Com este cenário, os SUV parecem ter perdido o seu encanto, uma vez que na lista dos dez mais vendidos em fevereiro de 2020 não aparece nenhum carro com aquele formato, sendo aliás o Peugeot 3008 o melhor classificado, na 12ª posição. O Golf foi destronado da primeira posição pelo Renault Clio, com este a vender 24.914 unidades contra 24.735 do modelo alemão. Ainda assim, ambos sofreram uma queda face ao mesmo mês de 2019, com menos 4% e 21%, respetivamente.

O facto de estar há mais tempo no mercado do que o Golf explica parcialmente o resultado positivo do Clio. Por outro lado, ganhos homólogos para os carros que estão nas três posições seguintes – Peugeot 208, Opel Corsa e Fiat Panda, com este último a ser um caso peculiar de sucesso atendendo à sua longevidade. Lançado em 2013, continua a estar entre os mais vendidos da Europa, ficando em quinto no mês de fevereiro.
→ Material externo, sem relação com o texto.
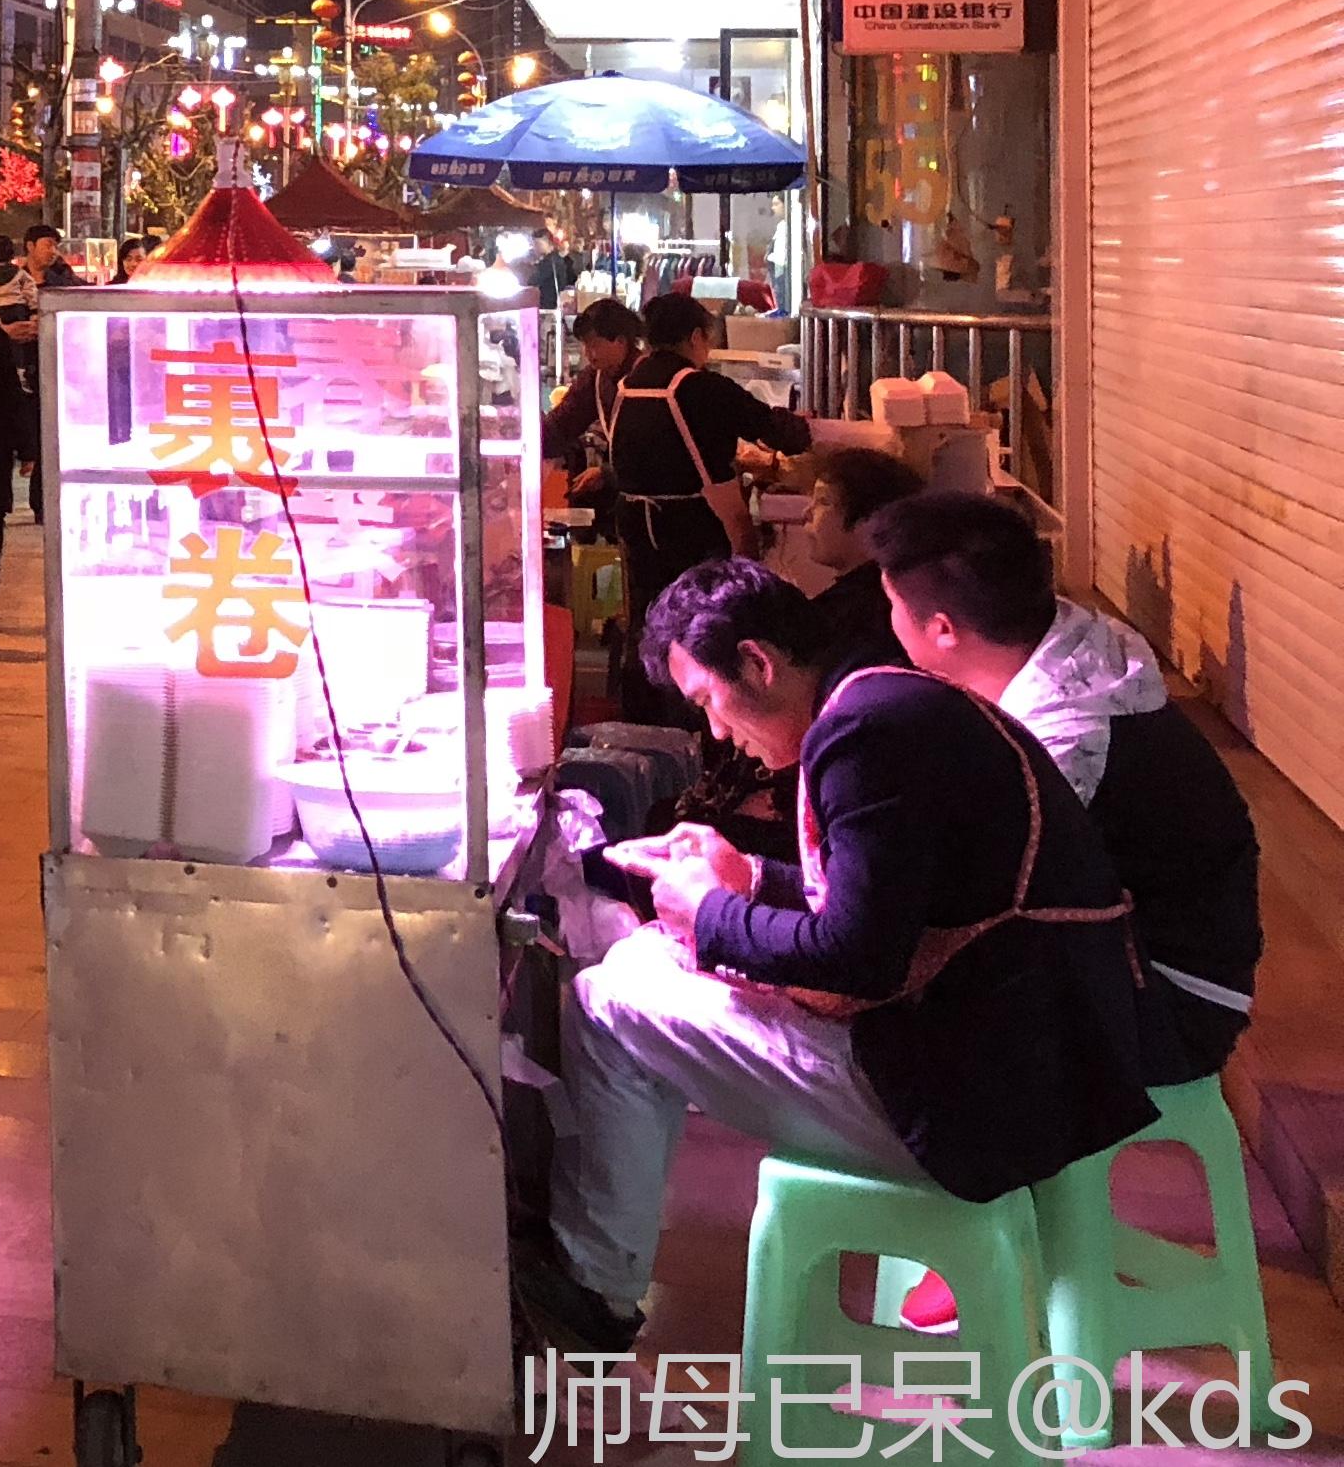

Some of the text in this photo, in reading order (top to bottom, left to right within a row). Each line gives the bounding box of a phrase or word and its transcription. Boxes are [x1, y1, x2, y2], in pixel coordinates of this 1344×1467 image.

Se o mercado caiu no total, a fatia correspondente aos veículos eletrificados continua a crescer: no mês de fevereiro, as matrículas subiram de 75.400 de 2019 para as 135.500 unidades de 2020, um aumento de quase 80% às custas dos combustíveis tradicionais. Felipe Munoz, analista da JATO Dynamics, explica que “até agora, neste ano, os veículos eletrificados têm sido a única salvação para os construtores a operarem na Europa. Esta é uma boa notícia, na medida em que os planos de eletrificação da indústria tiveram finalmente uma resposta positiva dos consumidores”.